Professor Klein began his career as a teacher in North York, Ontario after completing a PhD in Applied Educational Psychology at the Centre for Applied Cognitive Science at the University of Toronto. Prior to serving as Associate Dean (Research) in the Faculty of Education, Dr. Klein taught courses on educational psychology, and on teaching struggling readers and writers in the elementary grades. He leads a team investigating “Early Intervention in Writing.” This project, funded by a SSHRC Insight Grant, takes an evidence-based approach to four questions: How can we teach writing strategies and self-regulation to beginning writers? How can we make writing education more effective for struggling writers, including students with learning disabilities? How can writing instruction be organized to make it inclusive and effective? How should instruction in composition and mechanics be sequenced, balanced and integrated?

Professor Scott is a Psychologist and Professor and a CRC Tier I. She leads an applied research program aimed at ending violence in family relationships, with specific expertise on addressing violence perpetration in men. She is internationally known for her research on empirically and ethically sound policies and practices for intervening with men who have used violence against their partners and/or children. The Caring Dads program that she developed (http://www.caringdads.org) is currently running in many sites across Canada, as well as in the US, UK, Ireland, Wales, Germany, Australia and Sweden. She is currently leading work that brings together professionals from across Canada to identify and better recognize the expertise of specialists who provide services to address intimate partner violence. She is a contributor to international networks including the DV@Work Network and the Safer Families Centre of Excellence.

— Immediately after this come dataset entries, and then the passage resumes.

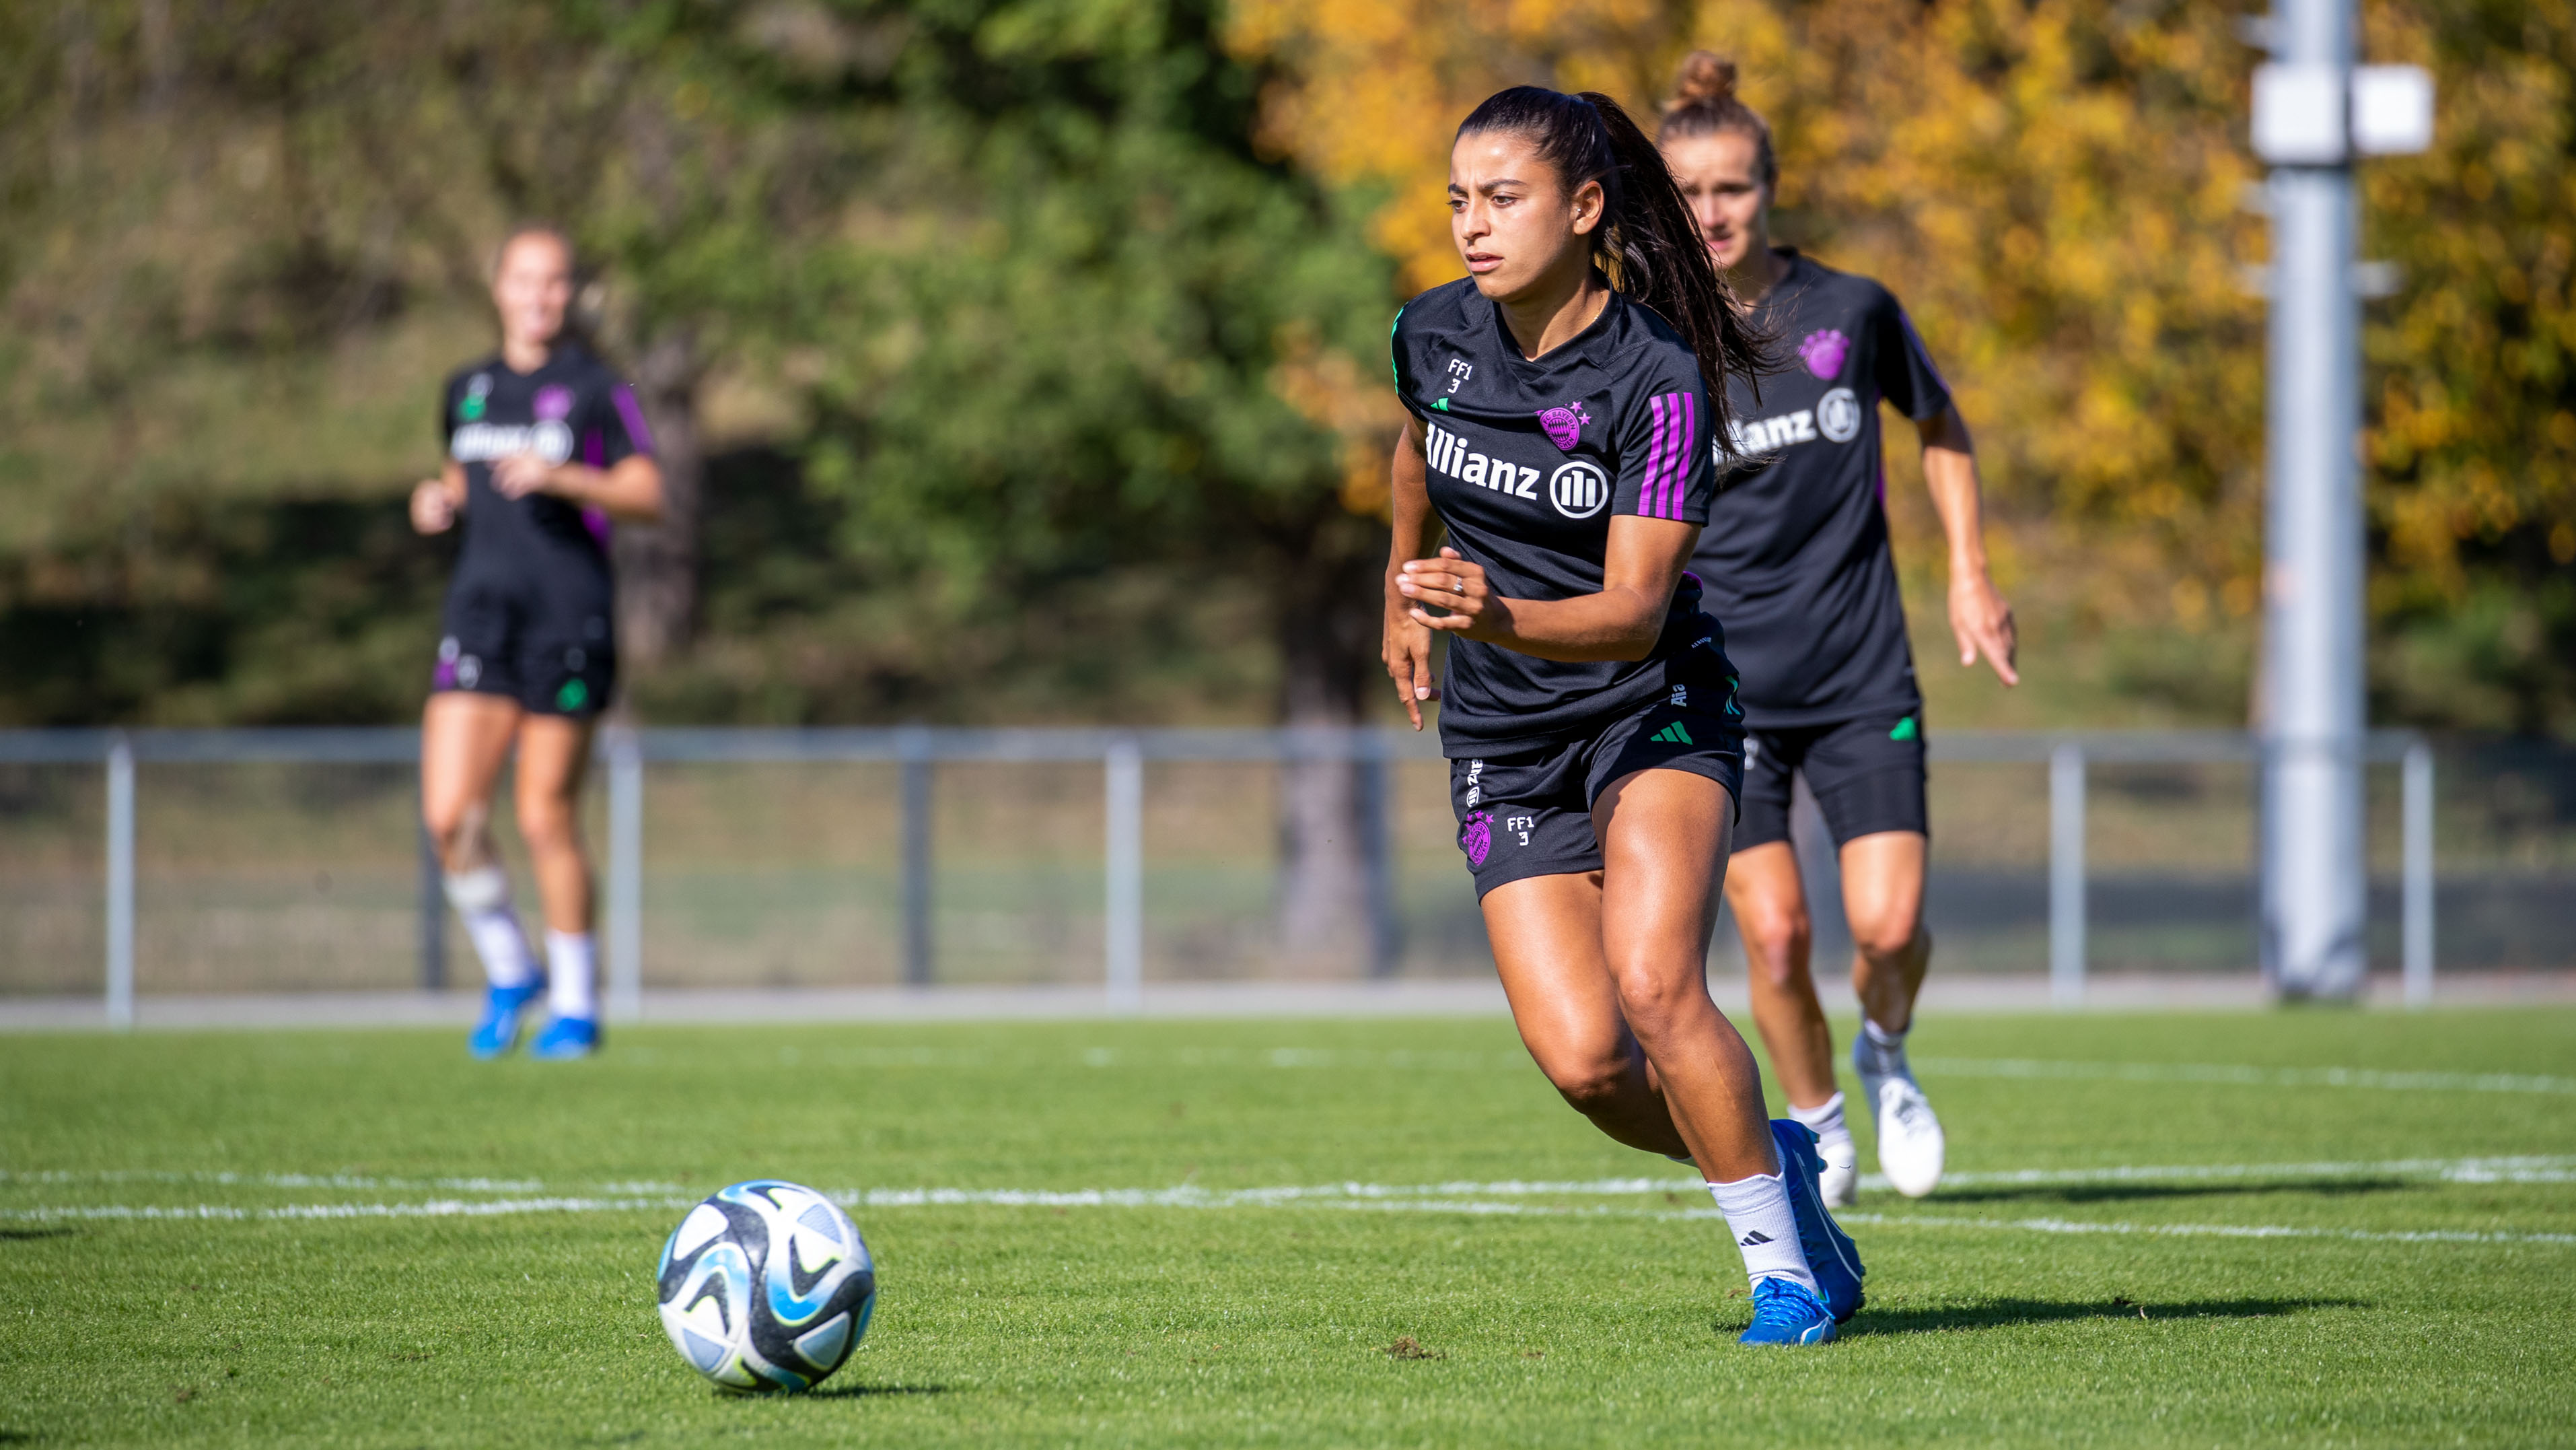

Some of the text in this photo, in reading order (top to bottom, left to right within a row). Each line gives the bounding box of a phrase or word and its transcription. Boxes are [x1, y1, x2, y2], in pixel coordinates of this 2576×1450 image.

[1447, 358, 1472, 380] FF1
[1447, 378, 1461, 394] 3
[1552, 411, 1575, 429] BAYERN
[1507, 816, 1534, 831] FF1
[1518, 831, 1529, 846] 3

Professor Crooks is a Professor at the Faculty of Education at Western University and the Director of the Centre for School Mental Health. Dr. Crooks is one of the lead developers and researchers of the Fourth R, the relationship-based program aimed at preventing violence and related risk behaviors among adolescents. She is particularly interested in adaptation and implementation issues related to evidence-based practices. Her work in this area includes collaborating with partners to develop and evaluate strategies that meet the unique needs of Indigenous youth and other priority groups. Dr. Crooks provides continuing education to judges, lawyers, and other court professionals as a Faculty member for the U.S. National Council of Juvenile and Family Court Judges. She is co-author of more than 100 articles, chapters, and books on topics, including school mental health, children’s exposure to domestic violence, child custody and access, adolescent dating violence and risk behavior, and trauma. Dr. Crooks is a clinical psychologist, and is registered in the areas of clinical, school, and forensic psychology.